The MetroHealth System, Cleveland’s safety-net health system, is improving access to care by reaching out into the community in new, creative ways to ensure that everyone in the region, but particularly the underserved, receive life-saving screenings and follow-up treatment for dozens of diseases and health conditions. MetroHealth is doing that while simultaneously stretching outside the traditional hospital walls to address the social barriers to health care in an effort to reverse centuries of inequity by reducing health care disparities, keeping people out of the hospital and working to zero out the death gap.

The public health system’s goal is to make sure that every single person – no matter what they look like or where they come from, no matter who they love or how much money they make – has a voice, a seat at the table and access to high-quality health care that allows them to live their very best lives.

These efforts have grown out of the devastating personal experiences of Dr. Airica Steed, the first woman, first nurse and first person of color to serve as MetroHealth’s president and CEO.

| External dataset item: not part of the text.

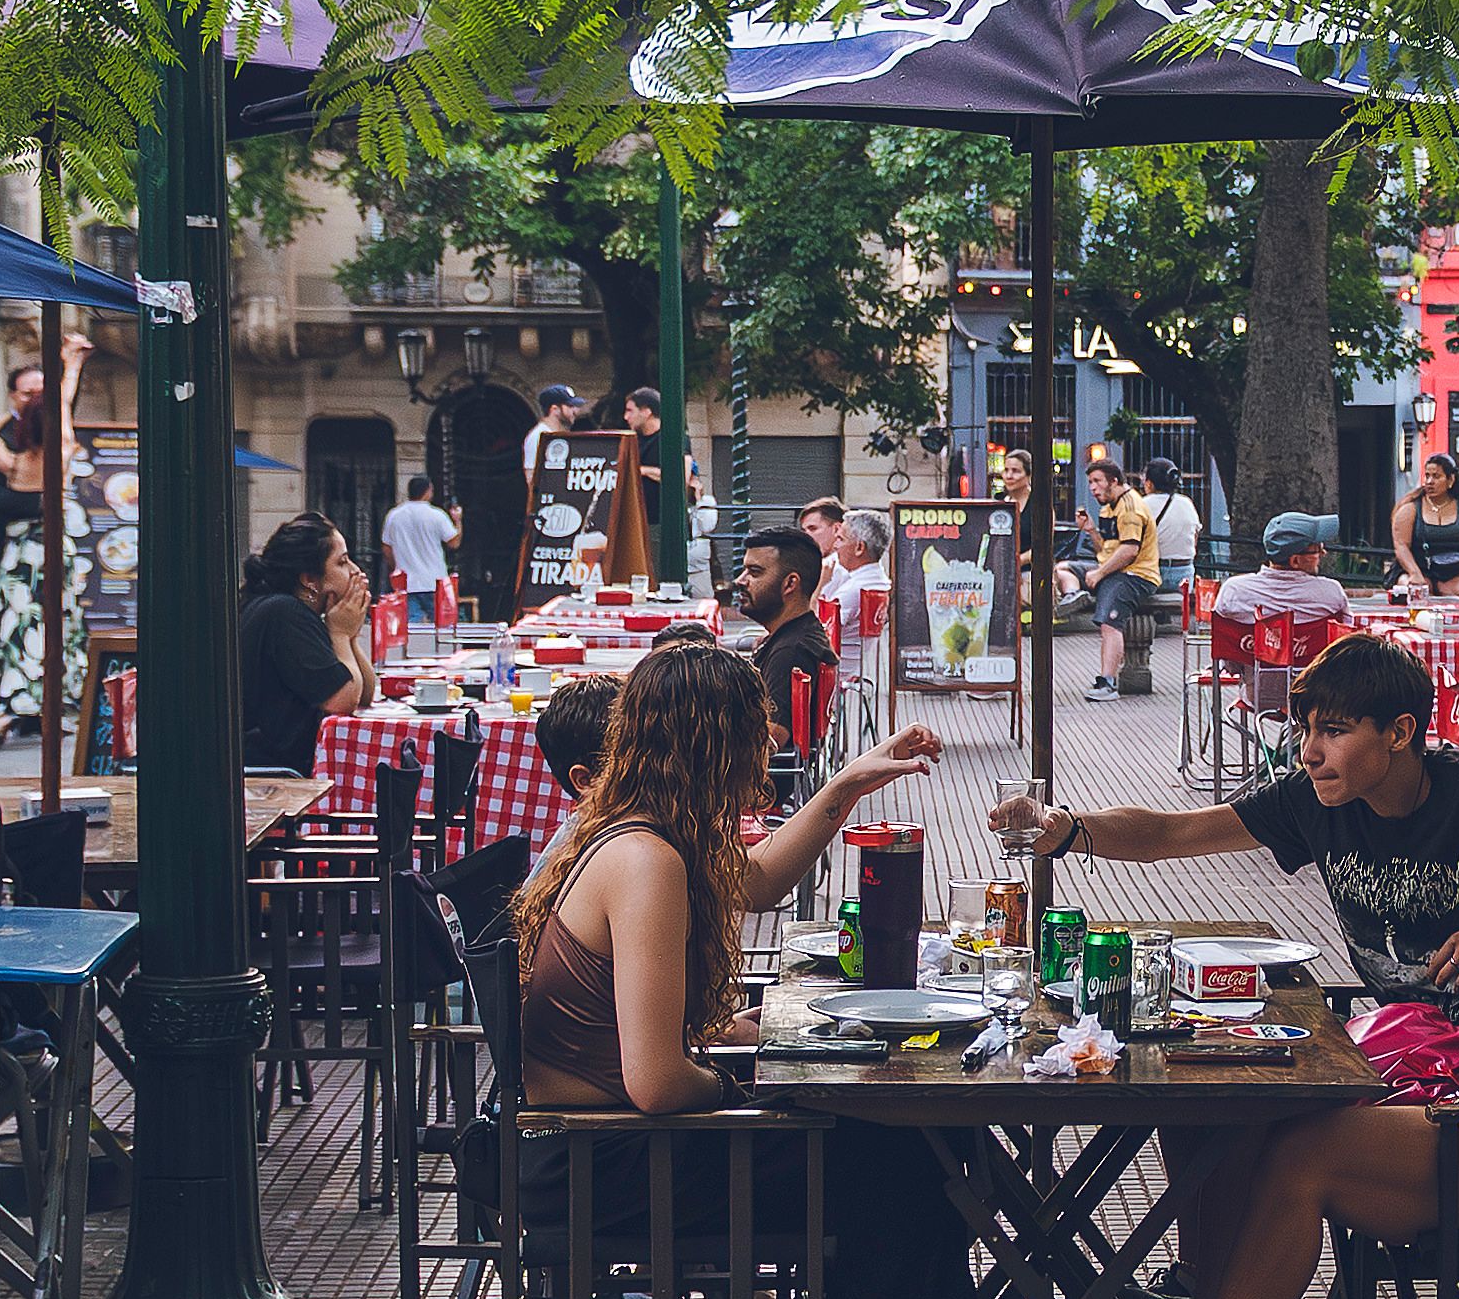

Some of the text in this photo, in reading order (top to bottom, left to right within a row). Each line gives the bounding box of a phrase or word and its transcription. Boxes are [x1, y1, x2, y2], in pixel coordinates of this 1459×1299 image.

This session will highlight MetroHealth’s community outreach and engagement efforts including its Institute for H.O.P.E. – Health, Opportunity, Partnership and Empowerment – which provides upstream disease-preventing services such as trauma support, nutritious food and low-cost internet service, as well as Multicultural Health Fairs offering free screenings and whole person care to communities in need. In addition, it operates school clinics that deliver health care and other services to students, their families, teachers, and other school staff.

Learning Objectives:

  • Describe creative solutions to advancing health equity and eradicating health care disparities;
  • Recognize the importance of community partnerships and community engagement in achieving these goals;
  • Understand lessons learned from real-world experiences and identify strategies to create similar programs.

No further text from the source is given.